Uno de los instrumentos más visibles de esa política es el denominado «Escudo de las Américas», una alianza regional integrada por gobiernos ideológicamente cercanos a Washington. Según las declaraciones del entorno de De la Espriella, Colombia podría incorporarse a esta iniciativa desde el primer día de la nueva administración.
La integración de Colombia a este bloque reforzaría una corriente política regional que ya cuenta con el apoyo de varios gobiernos de derecha y centroderecha, consolidando un eje que comparte una agenda basada en seguridad, control migratorio y cooperación estratégica con Estados Unidos.
Migración y deportaciones: una agenda compartida
La cuestión migratoria constituye otro elemento central de esta convergencia política.

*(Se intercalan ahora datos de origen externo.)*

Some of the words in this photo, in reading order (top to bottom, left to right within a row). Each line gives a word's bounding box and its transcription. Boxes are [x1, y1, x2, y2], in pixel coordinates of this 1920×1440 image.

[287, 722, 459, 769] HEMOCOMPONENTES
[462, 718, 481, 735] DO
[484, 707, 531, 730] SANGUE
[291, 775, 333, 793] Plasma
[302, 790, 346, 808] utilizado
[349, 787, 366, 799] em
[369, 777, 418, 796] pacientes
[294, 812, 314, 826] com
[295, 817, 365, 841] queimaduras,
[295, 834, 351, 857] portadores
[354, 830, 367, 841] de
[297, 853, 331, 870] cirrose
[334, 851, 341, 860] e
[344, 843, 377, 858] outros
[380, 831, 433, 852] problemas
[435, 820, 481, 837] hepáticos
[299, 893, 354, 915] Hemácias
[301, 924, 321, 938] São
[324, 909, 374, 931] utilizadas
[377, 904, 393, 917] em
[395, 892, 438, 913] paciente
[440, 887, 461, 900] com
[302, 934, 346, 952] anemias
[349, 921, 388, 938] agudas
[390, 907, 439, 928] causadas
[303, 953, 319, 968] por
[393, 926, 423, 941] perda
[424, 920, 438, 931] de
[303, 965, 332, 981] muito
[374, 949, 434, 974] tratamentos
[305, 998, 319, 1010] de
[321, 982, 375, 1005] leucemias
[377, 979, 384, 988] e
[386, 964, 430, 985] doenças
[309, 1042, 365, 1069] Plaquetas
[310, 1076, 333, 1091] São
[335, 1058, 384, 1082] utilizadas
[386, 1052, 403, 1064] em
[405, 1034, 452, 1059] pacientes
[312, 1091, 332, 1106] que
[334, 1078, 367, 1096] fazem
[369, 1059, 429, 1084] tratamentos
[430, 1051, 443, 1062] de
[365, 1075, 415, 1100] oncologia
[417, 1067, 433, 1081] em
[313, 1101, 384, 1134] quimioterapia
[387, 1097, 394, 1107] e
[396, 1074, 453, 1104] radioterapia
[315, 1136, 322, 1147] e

La administración Trump ha endurecido significativamente sus políticas migratorias y ha incrementado las deportaciones hacia diversos países latinoamericanos.
Con Petro existieron tensiones diplomáticas alrededor de esta cuestión; sin embargo, la nueva administración colombiana podría adoptar una posición considerablemente más cercana a Washington. Una eventual coordinación más profunda podría traducirse en un aumento de los acuerdos migratorios y en políticas más restrictivas respecto a las solicitudes de asilo y los movimientos poblacionales.

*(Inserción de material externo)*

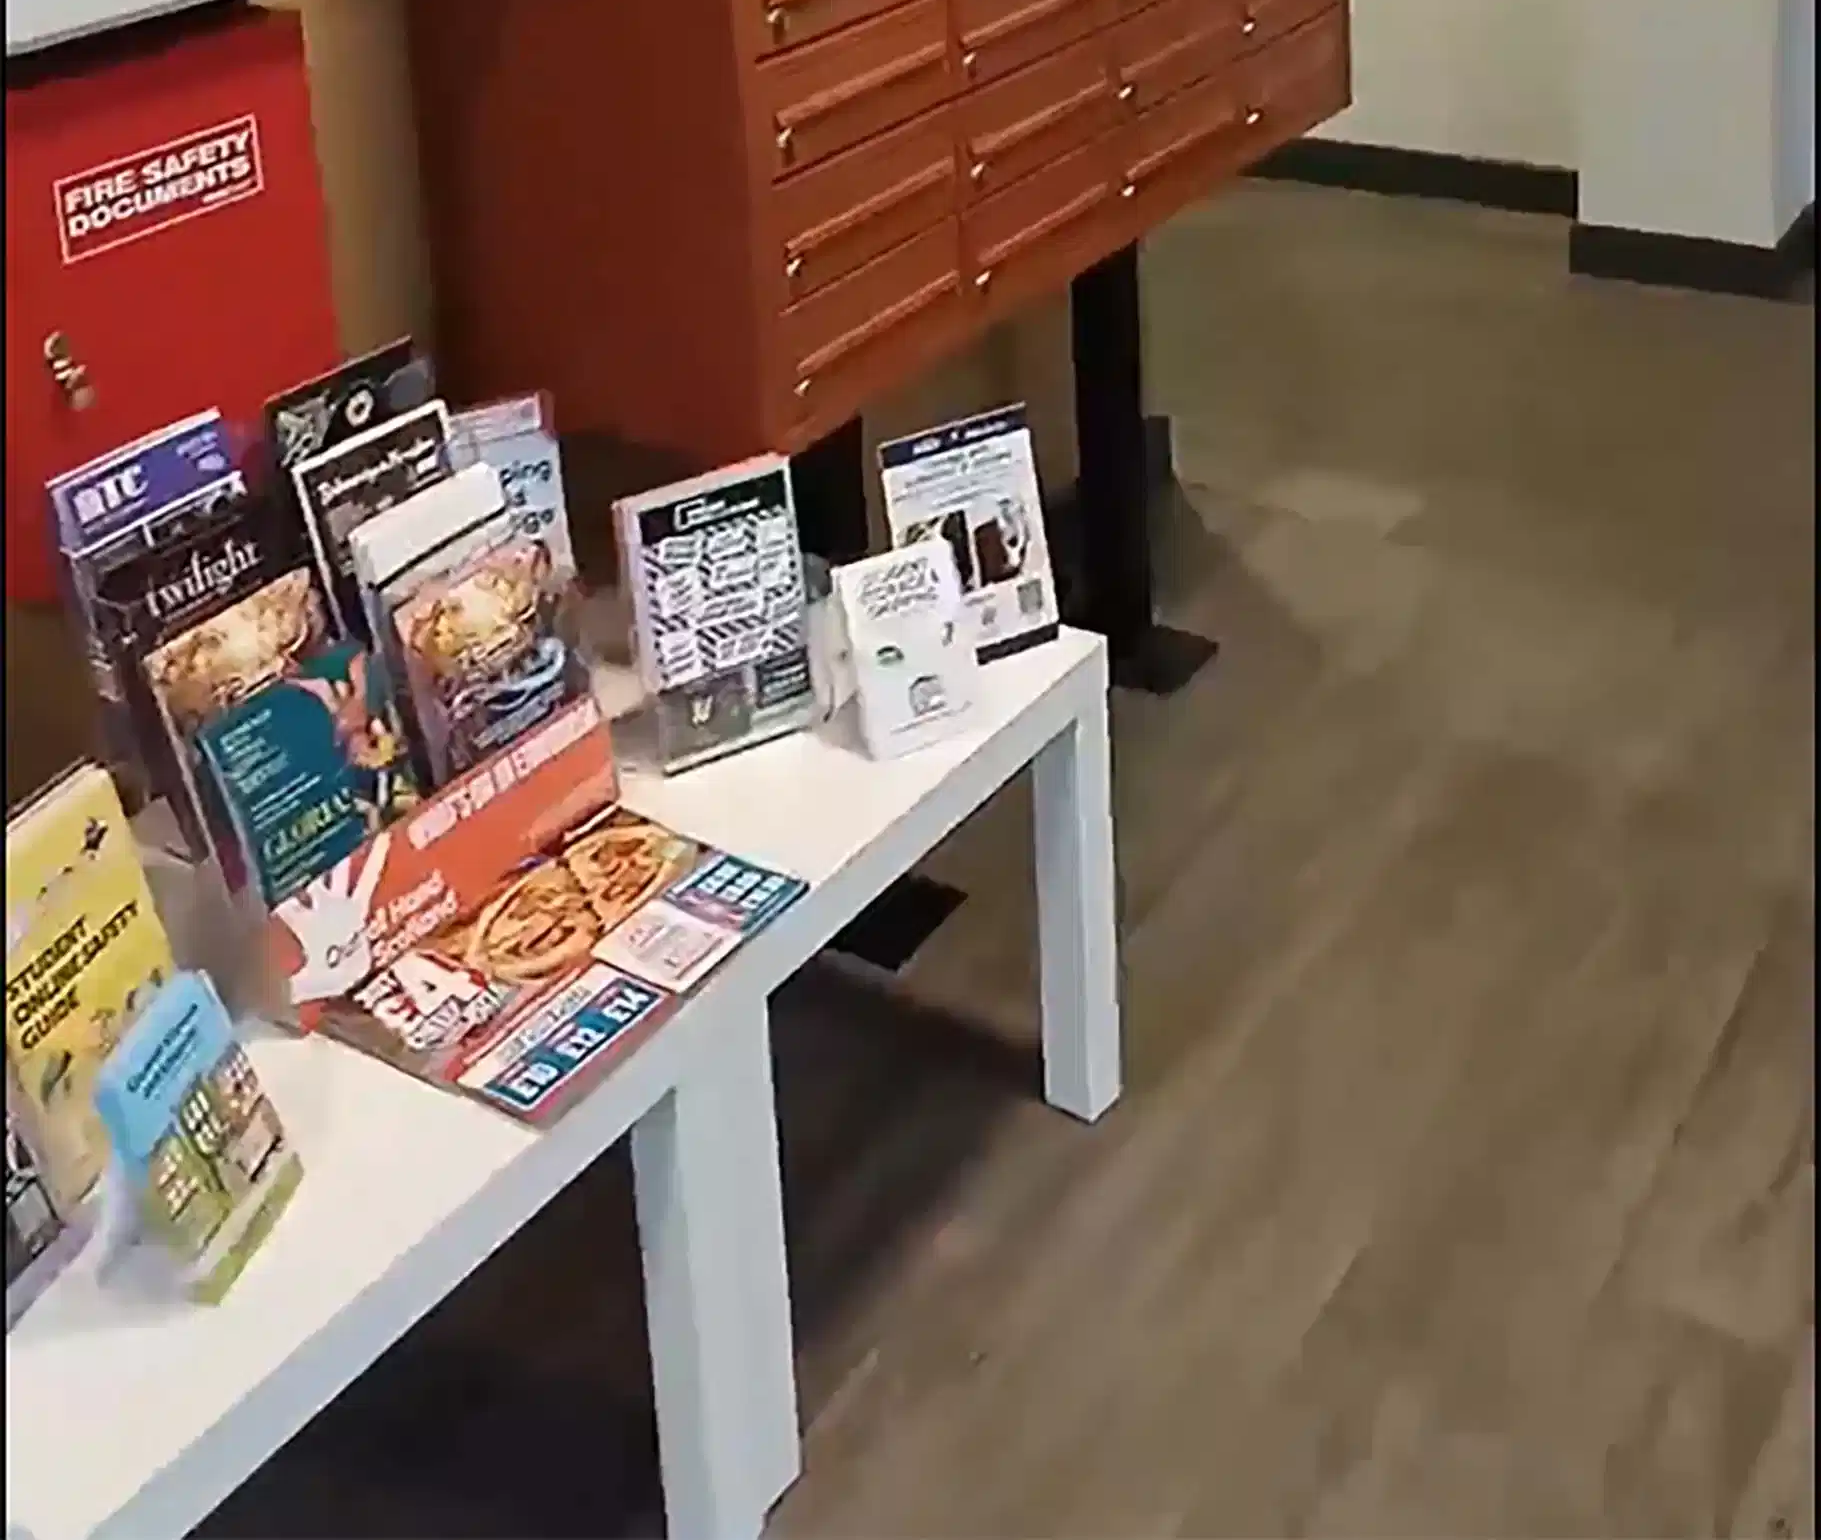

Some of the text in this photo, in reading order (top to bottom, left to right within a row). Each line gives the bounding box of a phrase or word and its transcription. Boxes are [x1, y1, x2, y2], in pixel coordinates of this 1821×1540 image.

[65, 130, 251, 214] FIRE SAFETY
[68, 155, 251, 238] DOCUMENTS
[145, 539, 263, 618] twilight
[4, 915, 89, 1002] STUDENT

Preocupacion por los derechos humanos
Para algunos sectores, esto representaría una mejora en la cooperación bilateral. Para otros, podría aumentar las preocupaciones sobre los derechos humanos y las consecuencias sociales de medidas de seguridad más agresivas.

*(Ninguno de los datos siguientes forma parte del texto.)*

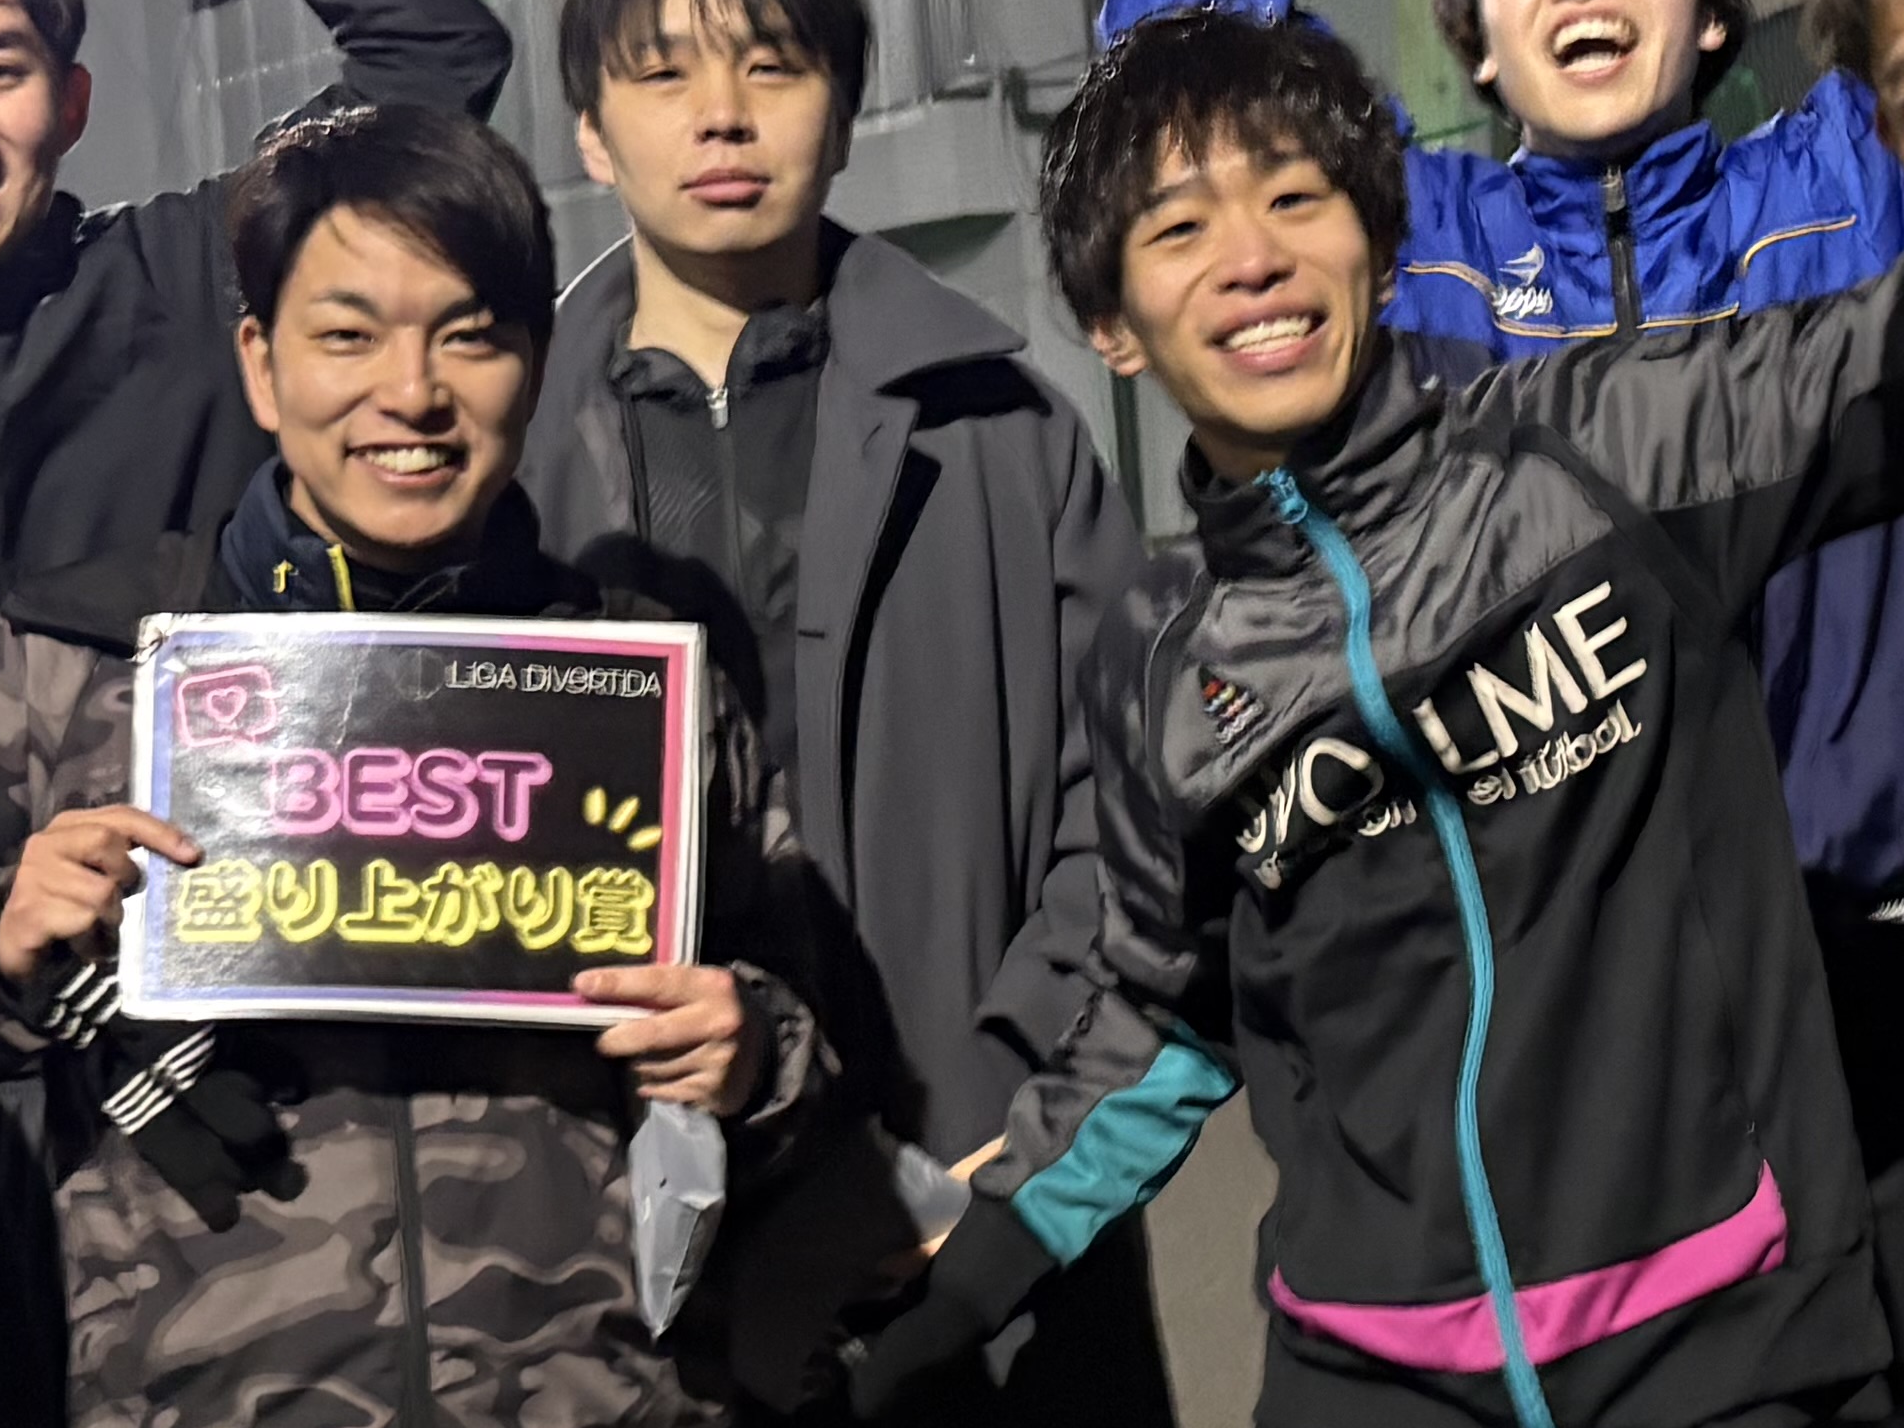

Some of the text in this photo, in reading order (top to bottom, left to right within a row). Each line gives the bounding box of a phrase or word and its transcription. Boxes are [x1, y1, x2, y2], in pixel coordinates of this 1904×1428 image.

[445, 660, 518, 691] LIGA
[272, 747, 552, 842] BEST
[176, 859, 655, 955] 盛り上がり賞

China: el posible punto de tensión
Aunque existen amplias coincidencias entre Washington y el futuro gobierno colombiano, la relación con China podría convertirse en una fuente de desafíos.
Durante los últimos años, Colombia fortaleció sus vínculos económicos con China mediante inversiones en infraestructura, comercio y proyectos estratégicos. Entre ellos destacan iniciativas asociadas a la Ruta de la Seda y grandes obras de transporte.
Seguridad, migración y China, el nuevo tablero geopolítico de Colombia
El equipo de De la Espriella ha indicado que mantendrá una postura de «pragmatismo» respecto a Pekín, aunque aún no se conocen detalles concretos sobre cómo equilibrará los intereses económicos colombianos con las expectativas estratégicas de Washington.
Una región en redefinición
La victoria de Abelardo de la Espriella parece confirmar una tendencia política que atraviesa distintos países de América Latina: el avance de liderazgos que priorizan políticas de seguridad estrictas, control migratorio y una relación más cercana con Estados Unidos.
Aun escenario abierto, por desafios internos en Estados Unidos
No obstante, el escenario sigue abierto. Trump enfrenta todavía desafíos internos en Estados Unidos, mientras América Latina continúa siendo un espacio de competencia geopolítica donde confluyen intereses estadounidenses, chinos y regionales.
Más allá del caso colombiano, la pregunta que comienza a instalarse es si la región se dirige hacia una nueva etapa de alineamientos ideológicos o si asistimos al surgimiento de un nuevo equilibrio de poder en el hemisferio.